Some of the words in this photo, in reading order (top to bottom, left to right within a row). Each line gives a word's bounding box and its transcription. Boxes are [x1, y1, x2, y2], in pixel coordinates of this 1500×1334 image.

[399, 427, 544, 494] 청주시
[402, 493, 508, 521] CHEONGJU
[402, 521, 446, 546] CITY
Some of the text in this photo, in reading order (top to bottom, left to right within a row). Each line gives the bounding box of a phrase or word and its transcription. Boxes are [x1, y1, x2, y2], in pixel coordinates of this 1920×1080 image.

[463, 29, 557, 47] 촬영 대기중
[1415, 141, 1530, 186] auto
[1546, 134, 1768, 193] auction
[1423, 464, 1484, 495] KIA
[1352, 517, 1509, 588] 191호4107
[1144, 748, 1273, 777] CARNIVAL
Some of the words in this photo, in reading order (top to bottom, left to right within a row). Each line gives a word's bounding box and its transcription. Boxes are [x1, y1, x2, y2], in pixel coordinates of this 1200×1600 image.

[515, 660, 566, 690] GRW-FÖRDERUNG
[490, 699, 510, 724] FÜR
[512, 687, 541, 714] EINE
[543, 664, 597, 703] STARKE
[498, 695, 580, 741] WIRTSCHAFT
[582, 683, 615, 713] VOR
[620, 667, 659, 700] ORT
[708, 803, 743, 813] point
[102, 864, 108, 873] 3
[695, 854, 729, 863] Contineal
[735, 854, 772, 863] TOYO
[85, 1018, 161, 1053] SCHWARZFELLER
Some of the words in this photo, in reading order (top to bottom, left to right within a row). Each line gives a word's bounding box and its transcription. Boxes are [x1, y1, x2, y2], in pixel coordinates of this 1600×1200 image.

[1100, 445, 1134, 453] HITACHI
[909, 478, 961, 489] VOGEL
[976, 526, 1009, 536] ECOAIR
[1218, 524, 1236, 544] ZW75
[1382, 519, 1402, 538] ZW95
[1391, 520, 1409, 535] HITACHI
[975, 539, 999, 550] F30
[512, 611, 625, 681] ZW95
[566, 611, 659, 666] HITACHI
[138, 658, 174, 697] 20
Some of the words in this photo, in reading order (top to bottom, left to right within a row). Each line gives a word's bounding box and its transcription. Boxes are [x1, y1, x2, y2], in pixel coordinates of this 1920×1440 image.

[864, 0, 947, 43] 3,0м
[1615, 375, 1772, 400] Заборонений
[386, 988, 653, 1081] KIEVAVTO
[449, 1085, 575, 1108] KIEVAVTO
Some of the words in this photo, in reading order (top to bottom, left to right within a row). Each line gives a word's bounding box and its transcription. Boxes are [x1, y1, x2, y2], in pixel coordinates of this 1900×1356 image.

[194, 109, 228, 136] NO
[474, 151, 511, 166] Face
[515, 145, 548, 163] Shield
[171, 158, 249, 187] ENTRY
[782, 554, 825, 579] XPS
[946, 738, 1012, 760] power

▶ **Aim of the exercise**:
An exact copy of all the material is what is needed.

▶ **Result for this task**:
Some of the words in this photo, in reading order (top to bottom, left to right within a row). Each line gives a word's bounding box and its transcription. Boxes are [x1, y1, x2, y2], in pixel coordinates of this 1500×1334 image.

[399, 427, 544, 494] 청주시
[402, 493, 508, 521] CHEONGJU
[402, 521, 446, 546] CITY
Some of the text in this photo, in reading order (top to bottom, left to right within a row). Each line gives the bounding box of a phrase or word and its transcription. Boxes are [x1, y1, x2, y2], in pixel coordinates of this 1920×1080 image.

[463, 29, 557, 47] 촬영 대기중
[1415, 141, 1530, 186] auto
[1546, 134, 1768, 193] auction
[1423, 464, 1484, 495] KIA
[1352, 517, 1509, 588] 191호4107
[1144, 748, 1273, 777] CARNIVAL
Some of the words in this photo, in reading order (top to bottom, left to right within a row). Each line gives a word's bounding box and its transcription. Boxes are [x1, y1, x2, y2], in pixel coordinates of this 1200×1600 image.

[515, 660, 566, 690] GRW-FÖRDERUNG
[490, 699, 510, 724] FÜR
[512, 687, 541, 714] EINE
[543, 664, 597, 703] STARKE
[498, 695, 580, 741] WIRTSCHAFT
[582, 683, 615, 713] VOR
[620, 667, 659, 700] ORT
[708, 803, 743, 813] point
[102, 864, 108, 873] 3
[695, 854, 729, 863] Contineal
[735, 854, 772, 863] TOYO
[85, 1018, 161, 1053] SCHWARZFELLER
Some of the words in this photo, in reading order (top to bottom, left to right within a row). Each line gives a word's bounding box and its transcription. Boxes are [x1, y1, x2, y2], in pixel coordinates of this 1600×1200 image.

[1100, 445, 1134, 453] HITACHI
[909, 478, 961, 489] VOGEL
[976, 526, 1009, 536] ECOAIR
[1218, 524, 1236, 544] ZW75
[1382, 519, 1402, 538] ZW95
[1391, 520, 1409, 535] HITACHI
[975, 539, 999, 550] F30
[512, 611, 625, 681] ZW95
[566, 611, 659, 666] HITACHI
[138, 658, 174, 697] 20
Some of the words in this photo, in reading order (top to bottom, left to right within a row). Each line gives a word's bounding box and its transcription. Boxes are [x1, y1, x2, y2], in pixel coordinates of this 1920×1440 image.

[864, 0, 947, 43] 3,0м
[1615, 375, 1772, 400] Заборонений
[386, 988, 653, 1081] KIEVAVTO
[449, 1085, 575, 1108] KIEVAVTO
Some of the words in this photo, in reading order (top to bottom, left to right within a row). Each line gives a word's bounding box and its transcription. Boxes are [x1, y1, x2, y2], in pixel coordinates of this 1900×1356 image.

[194, 109, 228, 136] NO
[474, 151, 511, 166] Face
[515, 145, 548, 163] Shield
[171, 158, 249, 187] ENTRY
[782, 554, 825, 579] XPS
[946, 738, 1012, 760] power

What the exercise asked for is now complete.